Um morto andando pela cidade.

Amanheço morto na cidade. Tomo conhecimento de que morri logo cedo. Sou um morto muito especial, porque posso negar a minha morte, abrir a porta e sair andando, respirando o ar, rever as ruas, os lugares antigos por onde passei quando criança e que o tempo foi modelando, ora para melhor, ora para pior. Posso perceber, agora, que alguns lugares é que morreram. Caminho com um ar importante pelas ruas, porque posso descrever o que desapareceu. O cheiro do Café São Miguel, as meninas do Colégio Municipal, picolé de mangaba, disco de vinil com o retrato de Carlos Gonzaga, sessões dominicais de cinema, com sabor de ping-pong, Rock Lane a cavalo. Sou um morto que pode contemplar o nojo, a paixão e o tédio dos que me rodeiam e me julgam. Tenho direito a mais um dia, um jantar, telefonar para marcar um encontro. Principalmente, ir ao encontro e praticar, meticulosamente, a arte de dar e receber amor, como na milenar receita de Vatsyayana, o Kama Sutra de todo dia.
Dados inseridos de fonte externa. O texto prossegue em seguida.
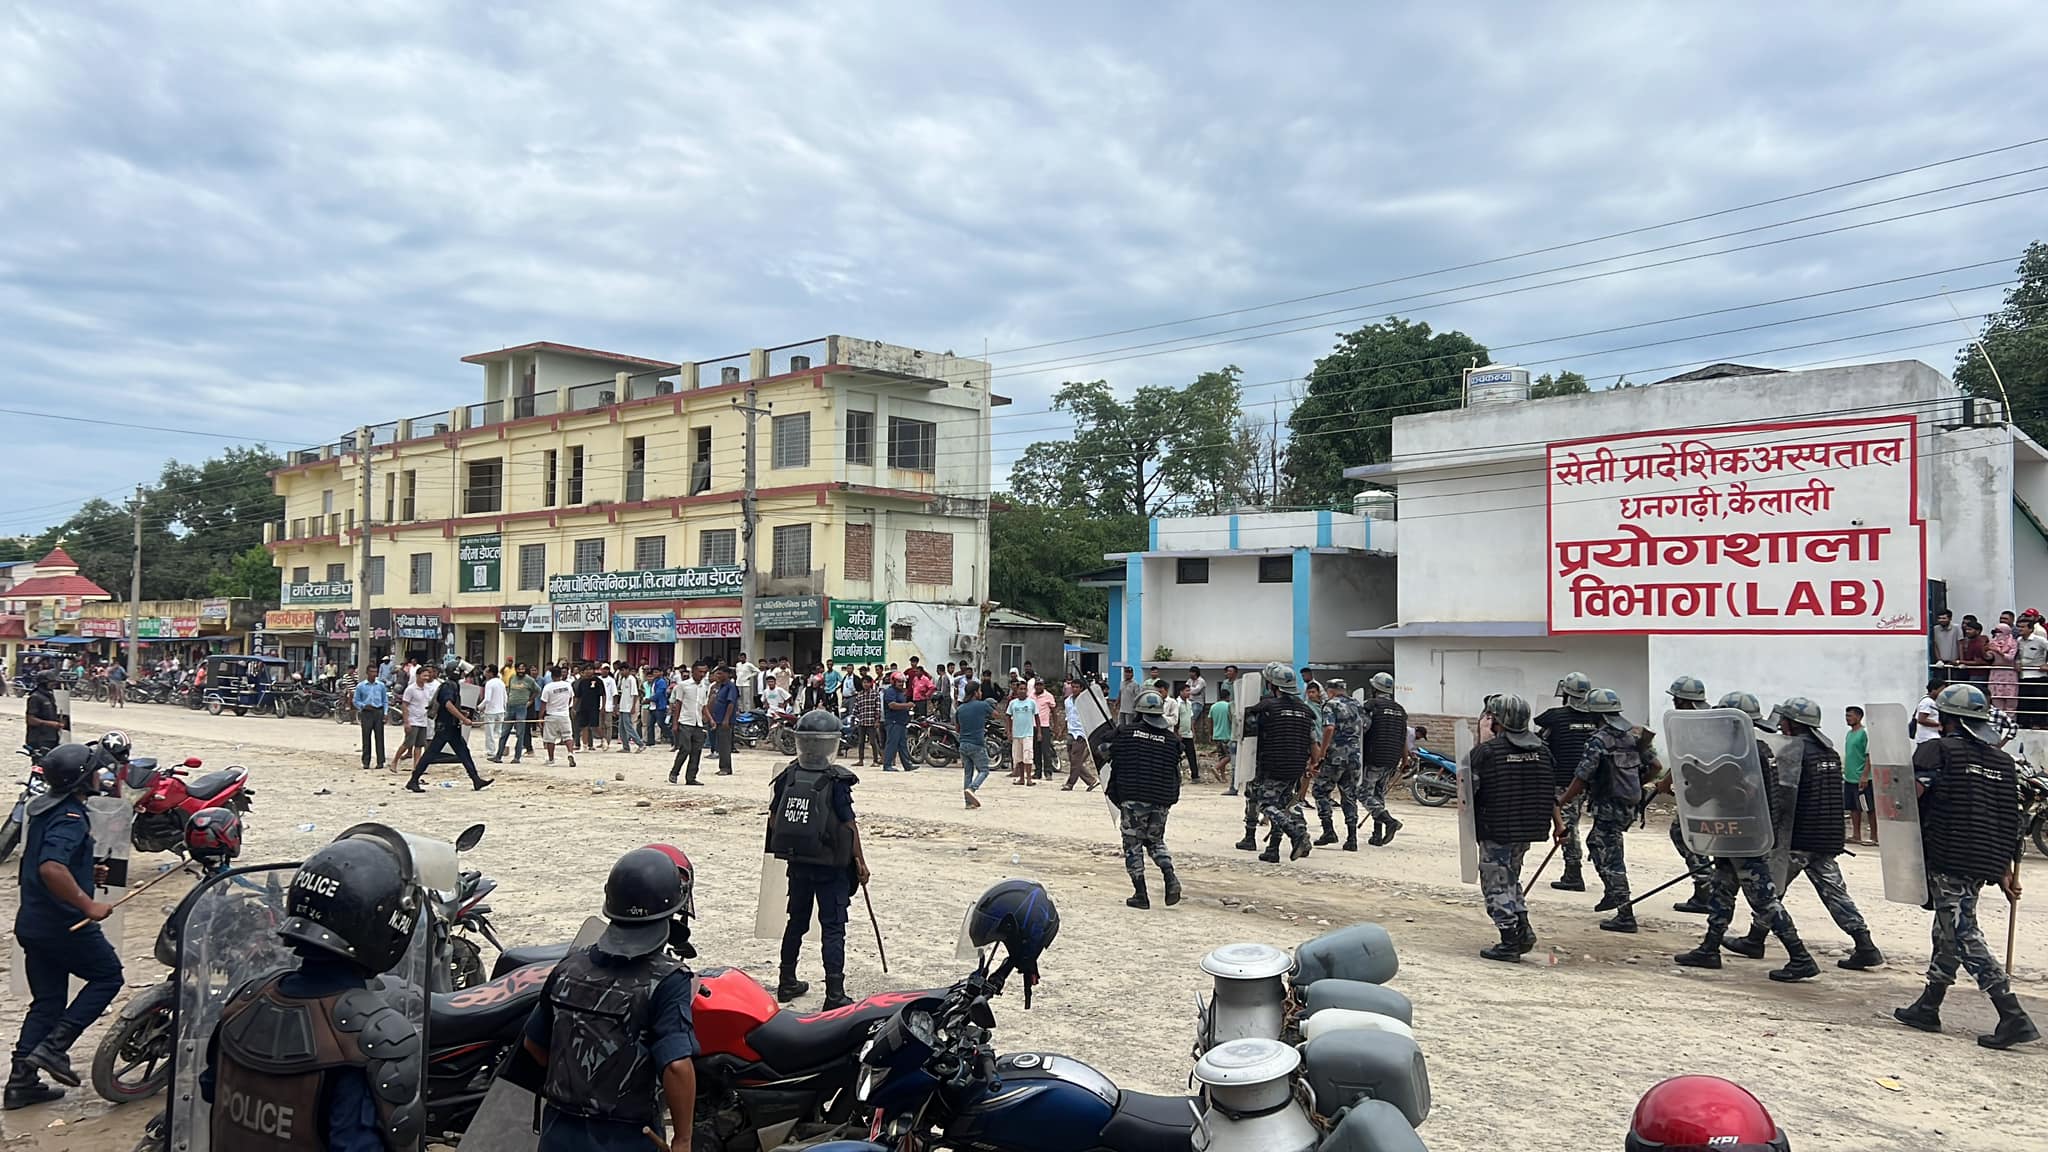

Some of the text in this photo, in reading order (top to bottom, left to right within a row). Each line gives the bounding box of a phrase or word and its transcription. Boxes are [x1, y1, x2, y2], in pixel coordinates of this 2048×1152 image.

[1556, 438, 1905, 485] सेती प्रादेशिक अस्पताल
[1555, 524, 1891, 577] प्रयोगशाला
[292, 583, 329, 597] गरिमा
[550, 576, 572, 593] गरिमा
[572, 573, 628, 592] पोलिक्लिनिक
[656, 575, 677, 589] तथा
[678, 570, 708, 587] गरिमा
[345, 616, 360, 627] SQUA
[848, 610, 878, 625] गरिमा
[1700, 821, 1743, 835] A.P.F.
[294, 870, 340, 898] POLICE
[222, 1083, 295, 1140] POLICE
Sinto-me vaidoso de minha morte – sem esquife, castiçal, lampejo de vela, coro lúgubre de carpideiras e meu derradeiro desfile, horizontal, pela cidade.

Respondo a alguém que me telefona para saber a verdade:

Morrer na boca do povo faz mais sucesso do que morrer de verdade. Não é todo dia que se é um morto andando pela cidade.

Sonho com alguém me perguntando: – Sosígenes, você andou morrendo ?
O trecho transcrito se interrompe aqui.